Beaucoup de jeunes gens de ce temps-là, agglutinés sous le portique du
théâtre, cédaient le pas aux foules qui se pressaient, s'amusaient à
les voir aussi enthousiastes, et notaient à mi-voix les hommes connus,
les hommes célèbres, les uns qui en étaient à leurs débuts, d'autres
qui arrivaient au terme de leur carrière. Sauf lorsque tous les regards
se dirigèrent sur un magnifique équipage, une berline de Ehler, décorée
par Brune, et tirée par deux énormes chevaux frisons anglais, sortis
des écuries de Madame la Dauphine. Un cocher corpulent, et un robuste
hongrois de sept empans de haut, sans compter le panache, tout brodé de
galons dorés, complétaient l'équipage qui s'arrêta brusquement à la
porte du théâtre. Le heiduque
ouvrit aussitôt la portière, baissa bruyamment les marches de la
voiture, et l'on vit descendre un jeune homme élégant. Il n'avait pas
encore trente ans ; sa mise était d'un raffinement remarquable :
cravate blanche et gants jaunes ; une bonne stature, bien fait de sa
personne, les cheveux bouclés, la bouche un peu grande, mais gracieuse,
l'œil ardent, une noble expression sur le visage. La main légère d'une
dame s'appuya au bras du jeune homme, jeune comme lui, pressée de
survoler la distance qui les séparait. Comme elle était belle dans son
costume de printemps ! des violettes à la main, des violettes pour
agrémenter son chapeau de paille, une écharpe ondulante en bandoulière,
chaussée à la perfection de bottines mordorées,
pleine de sève et aussi belle qu'on peut l'être ! Elle avait de la
peine à retenir son impa¬tience, et il marchait posément avec l'air
d'un homme qui écoute en lui la bienveillante fée des bonheurs
suprêmes. Pour parer la poitrine du jeune homme, scintillaient les
merveilleuses couleurs des pierreries agrémentant ses décorations et
ses médailles. Il était baron en France, marquis en Espagne, et membre
du club des aristocrates de Florence.

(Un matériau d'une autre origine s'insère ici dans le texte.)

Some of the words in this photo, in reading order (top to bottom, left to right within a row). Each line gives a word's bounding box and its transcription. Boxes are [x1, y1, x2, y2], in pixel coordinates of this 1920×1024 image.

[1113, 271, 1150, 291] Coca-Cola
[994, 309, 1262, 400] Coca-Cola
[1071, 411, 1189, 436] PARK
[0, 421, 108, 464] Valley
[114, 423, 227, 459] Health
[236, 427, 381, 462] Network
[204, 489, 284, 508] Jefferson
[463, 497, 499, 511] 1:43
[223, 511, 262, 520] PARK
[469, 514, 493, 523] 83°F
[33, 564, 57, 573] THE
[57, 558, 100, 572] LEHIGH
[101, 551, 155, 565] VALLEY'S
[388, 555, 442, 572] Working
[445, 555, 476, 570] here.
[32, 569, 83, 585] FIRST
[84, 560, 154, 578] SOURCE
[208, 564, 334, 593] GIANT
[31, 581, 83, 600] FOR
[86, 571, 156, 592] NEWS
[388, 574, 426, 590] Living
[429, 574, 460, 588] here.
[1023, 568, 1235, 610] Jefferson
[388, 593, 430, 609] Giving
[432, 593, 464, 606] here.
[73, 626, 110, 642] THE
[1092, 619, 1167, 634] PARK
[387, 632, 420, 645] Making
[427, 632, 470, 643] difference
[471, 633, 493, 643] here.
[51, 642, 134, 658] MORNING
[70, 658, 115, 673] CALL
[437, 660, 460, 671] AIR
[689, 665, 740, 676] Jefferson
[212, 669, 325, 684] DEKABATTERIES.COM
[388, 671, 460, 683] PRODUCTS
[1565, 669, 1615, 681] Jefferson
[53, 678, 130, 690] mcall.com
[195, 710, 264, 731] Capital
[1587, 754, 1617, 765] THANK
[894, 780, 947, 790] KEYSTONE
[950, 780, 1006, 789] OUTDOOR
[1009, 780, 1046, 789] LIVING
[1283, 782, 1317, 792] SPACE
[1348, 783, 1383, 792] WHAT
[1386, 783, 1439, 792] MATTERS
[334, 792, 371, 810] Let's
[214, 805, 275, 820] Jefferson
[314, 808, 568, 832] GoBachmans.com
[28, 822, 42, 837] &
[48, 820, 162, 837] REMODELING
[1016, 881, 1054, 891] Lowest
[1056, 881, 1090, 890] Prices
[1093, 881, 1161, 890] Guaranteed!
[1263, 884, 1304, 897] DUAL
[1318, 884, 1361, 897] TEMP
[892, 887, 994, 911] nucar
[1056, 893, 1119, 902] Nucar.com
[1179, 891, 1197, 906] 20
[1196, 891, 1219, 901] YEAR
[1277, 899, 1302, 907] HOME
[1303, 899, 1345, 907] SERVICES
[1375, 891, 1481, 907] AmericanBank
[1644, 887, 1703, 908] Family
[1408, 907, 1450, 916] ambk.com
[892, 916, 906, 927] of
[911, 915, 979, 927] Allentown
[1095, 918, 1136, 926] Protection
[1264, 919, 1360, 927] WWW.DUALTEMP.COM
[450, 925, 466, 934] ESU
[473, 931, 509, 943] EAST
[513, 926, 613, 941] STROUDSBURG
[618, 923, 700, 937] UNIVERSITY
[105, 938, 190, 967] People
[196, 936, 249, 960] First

L'on disait — et c'était vrai —
que le plus insignifiant de ses appartements était en or, son lavabo en
or armorié, sa chambre dorée. Et toutefois, croyez-moi si vous voulez,
le sentiment qu'il suscita, ce fut une sympathie admirative, et non
l'envie. Dans cette France qu'on citait en exemple, captivée chaque
jour par des nouveautés telles que — le matin, Les Orientales ; puis Le Massacre de Missolonghi d'Eugène
Delacroix ; à midi, les discours de Thiers ; le soir, l'opéra de
Meyerbeer ; le lendemain, un roman de Balzac, une chanson d'Alfred de
Musset... entre nous, ce jeune homme avait presque révélé Hoffmann et
ses contes. Il écrivait vite, peu et bien. Il savait l'anglais comme un
diplomate et l'allemand comme un philosophe. Il appartenait à la
rédaction naissante du Journal des
Débats et s'appelait Loève-Veimars."
Jules Janin s'arrête là.
II
Dans un domaine des faubourgs de Londres, avec toutes les délices que
produit l'artifice britannique en s'inspirant de la nature, vivait à
cette époque-là un Portugais que l'intolérance politique avait expatrié
en 1832.
La fortune lui proposait de belles femmes pour
son cœur, et des amis empressés pour son esprit et pour sa table. Notre
compatriote qui connaissait une certaine réussite dans le commerce
estima qu'il devait à l'émigré pauvre les mêmes soins qu'à un frère ;
c'est ainsi que tous les Portugais qui faisaient appel à son appui
trouvaient ouvert et inépuisable ce cœur d'or, ainsi que l'or de ses
tiroirs, dont l'aloi est extraordinairement apprécié. Les convives
habituels à sa table étaient un des jurisconsultes anglais les plus
fameux de Londres, et un Portugais aux qualités admi¬rables, notre
ministre aujourd'hui à la cour de Madrid.
Un jour,
pourtant, ses commensaux quittèrent l'aimable abri que leur offrait
l'émigré parce qu'ils étaient de trop dans une de ces joies dont la
douce poésie réside dans le secret et la solitude à deux.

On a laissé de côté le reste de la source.